The Framework Ecosystem

The ecosystem splits into three layers. Agent frameworks are where you build agents. MCP is the protocol that connects them to external tools. Governance layers manage fleets of agents at enterprise scale. They are complementary, not alternatives.

Agent Frameworks

Microsoft Agent Framework

  • Currently in public preview (GitHub).
  • Unifies Semantic Kernel (SK) and AutoGen under a single programming model.
  • Adds typed, graph-based workflows with strong observability (built-in OpenTelemetry).
  • Native MCP and A2A protocol integration.
  • Multi-provider support: Azure OpenAI, OpenAI, Anthropic, Ollama, and more.
  • Ships with a developer UI (DevUI) for inspecting agent traces.

OpenAI

OpenAI’s agent stack is split across several products:

ProductWhat It IsLaunched
Responses APIAPI primitive combining Chat Completions simplicity with built-in tool use (web search, file search, code interpreter, computer use, image generation).March 2025
Agents SDKOpen-source Python/Node library for orchestrating single- and multi-agent workflows (handoffs, guardrails, tracing).

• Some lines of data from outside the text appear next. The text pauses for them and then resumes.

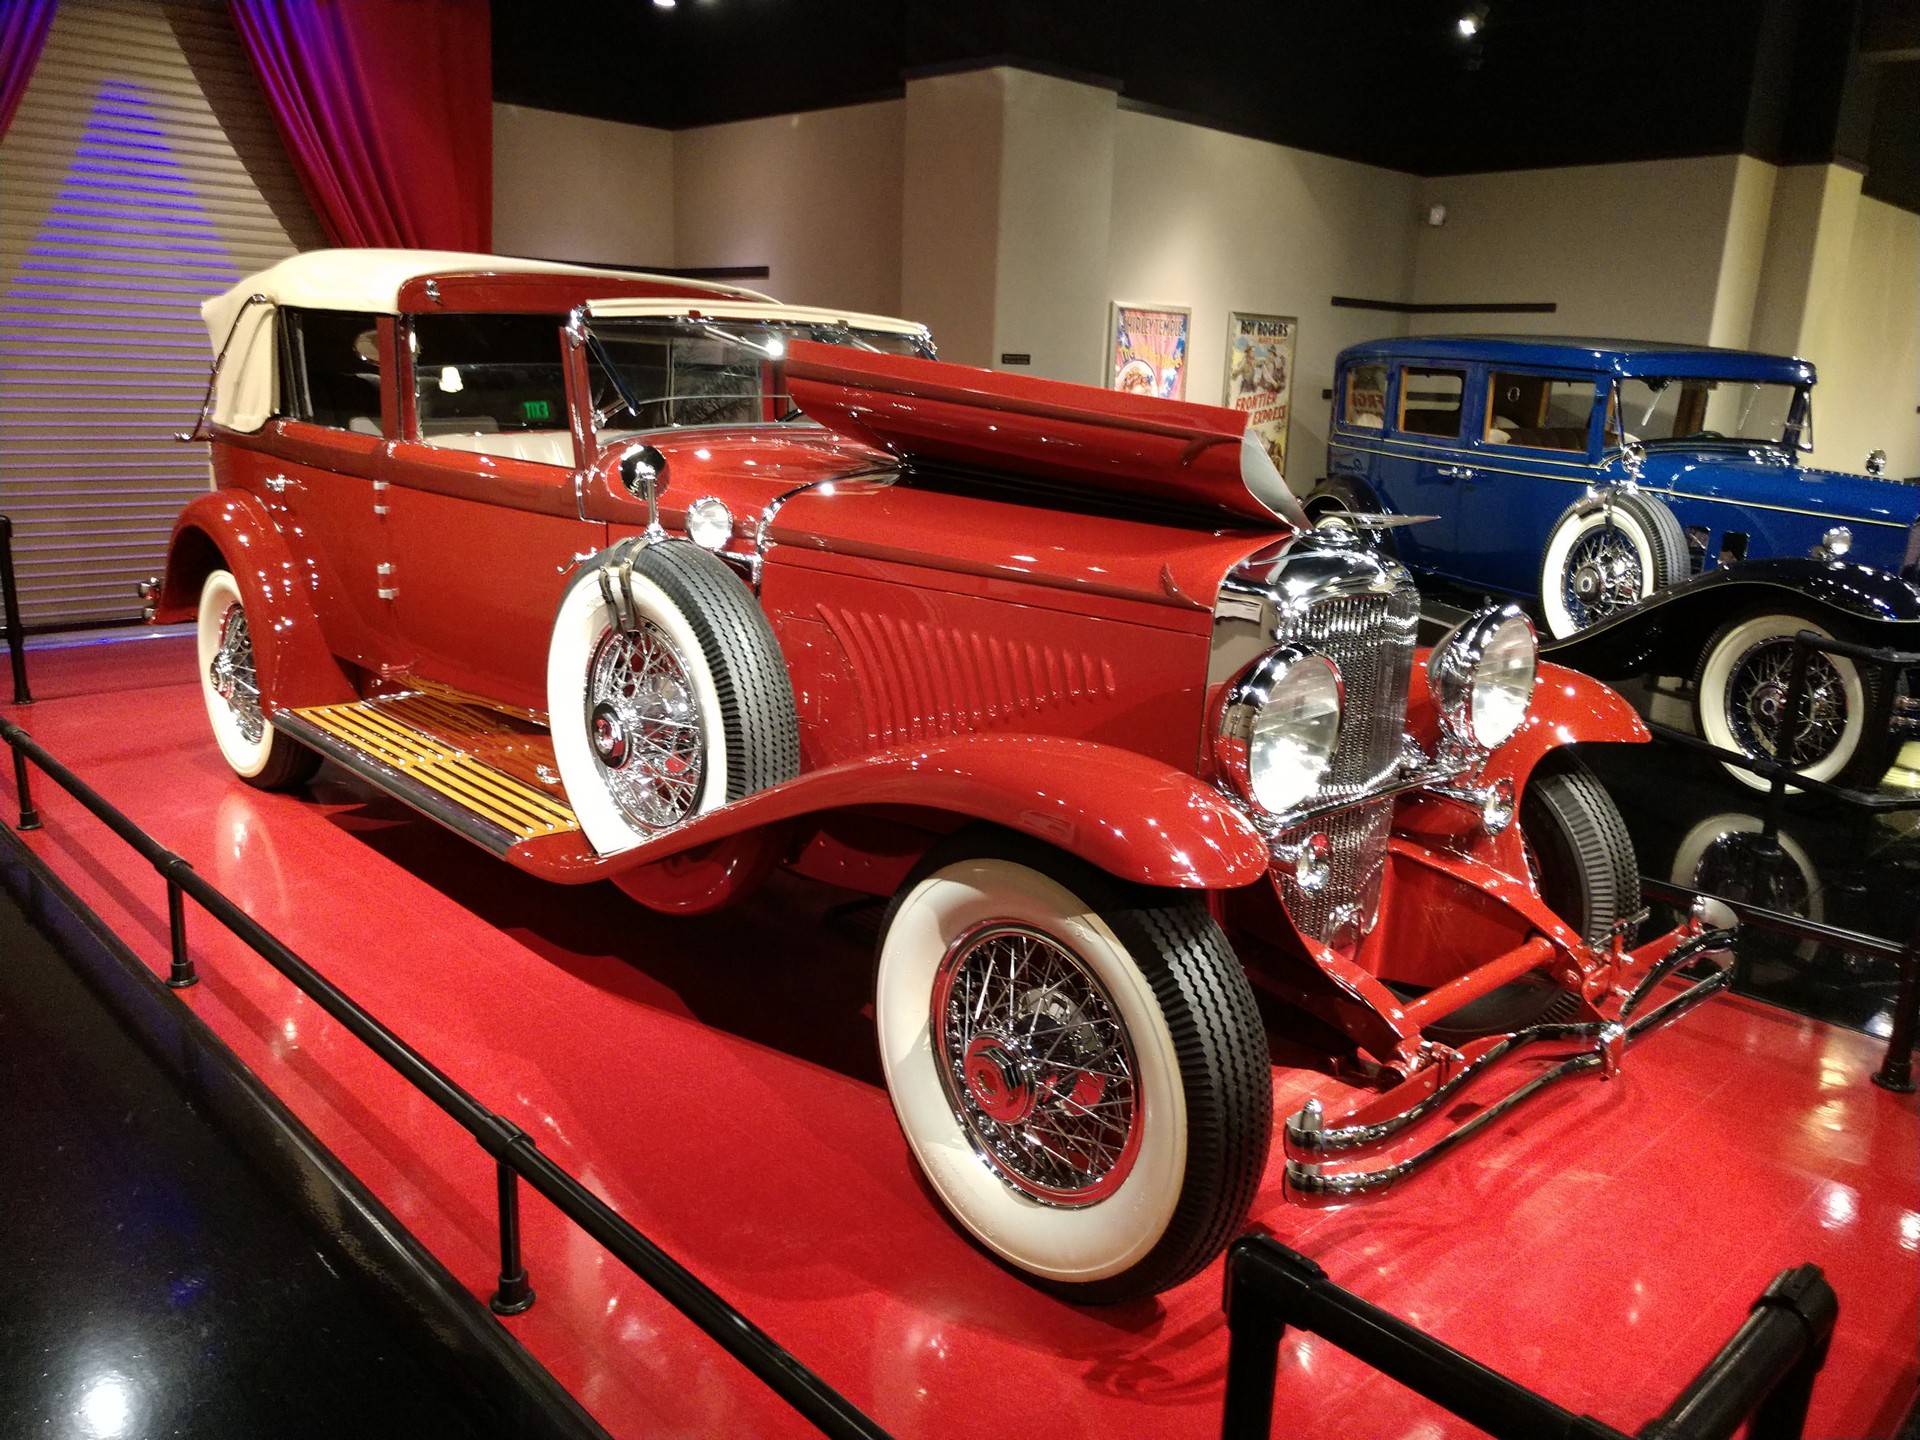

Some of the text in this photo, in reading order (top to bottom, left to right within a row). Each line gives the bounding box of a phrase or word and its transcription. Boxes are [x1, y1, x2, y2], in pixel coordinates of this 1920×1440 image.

[1122, 315, 1183, 337] SHIRLEY TEMPLE
[1241, 321, 1288, 337] ROY ROGERS
[1119, 345, 1135, 361] The
[1236, 392, 1277, 412] FRONTIER
[1253, 405, 1287, 426] EXPRESS

Successor to Swarm.March 2025
AgentKitHigher-level toolkit bundling Agent Builder (visual workflow canvas), ChatKit (embeddable chat UI), and Connector Registry (centralized data-source management).October 2025

The Agent Platform page is OpenAI’s marketing umbrella for all of the above.

Google Agent Development Kit (ADK)

  • Open-source, modular framework optimized for Gemini but model-agnostic.
  • Supports single-agent and multi-agent topologies.
  • Deployment targets:

Interoperability Protocol

MCP (Model Context Protocol)

  • Open standard originally created by Anthropic, now governed by The Linux Foundation and open to community contributions (protocol & SDKs, server registry).
  • Clients (Claude, ChatGPT, VS Code, JetBrains IDEs, Cursor, etc.) attach to MCP servers that expose tool schemas.
  • Rapidly becoming the de facto interoperability layer for agentic systems.
  • Growing registry of community and vendor servers (GitHub, Azure DevOps, Notion, Playwright, Slack, databases, etc.).
  • Key value: write your tools once, expose them to any MCP-compatible client — no per-client integration work.
  • All three frameworks above support MCP natively or via plugins.

Governance Layers

MuleSoft Agent Fabric (Salesforce)

  • Enterprise governance layer for agent fleets:
    • Registry — catalog of available agents and tools.
    • Broker — routes requests to the right agent.
    • Policies — access control, rate limiting, data-loss prevention.
    • Observability — centralized logging and tracing.
  • Supports MCP as a connectivity standard.
  • Designed for organizations running dozens to hundreds of agents at scale.

Multi-Agent Teams

A growing pattern is containerized agent teams — groups of domain-specialized agents that collaborate under a shared governance envelope:

  • AgentCatalog on Docker Hub is an early example: pre-built agent images for common tasks.
  • Teams can be composed dynamically (e.g., a “contract review” team with a clause-extraction agent, a risk-scoring agent, and a summarization agent).
  • Container orchestration (Kubernetes, Docker Compose) enables scaling, versioning, and rollback at the agent level.
  • Internal governance and access policies can be enforced per container.

Reference Architectures

#ArchitectureKey Components
1Azure-first, workflow-heavyMicrosoft Agent Framework orchestrator → MCP server on Azure Container Apps → Azure AI services
2OpenAI-first, builder-heavyAgentKit / Agent Builder → Agents SDK → MCP server (any host)
3GCP-first, ADK-centricADK agent on Vertex AI Agent Engine → MCP server on Cloud Run
4Governed fleetMuleSoft Agent Fabric broker → multiple MCP servers → policy enforcement layer

All four converge on MCP as the tool-connectivity standard. The choice is driven by existing cloud footprint, vendor relationships, and governance requirements.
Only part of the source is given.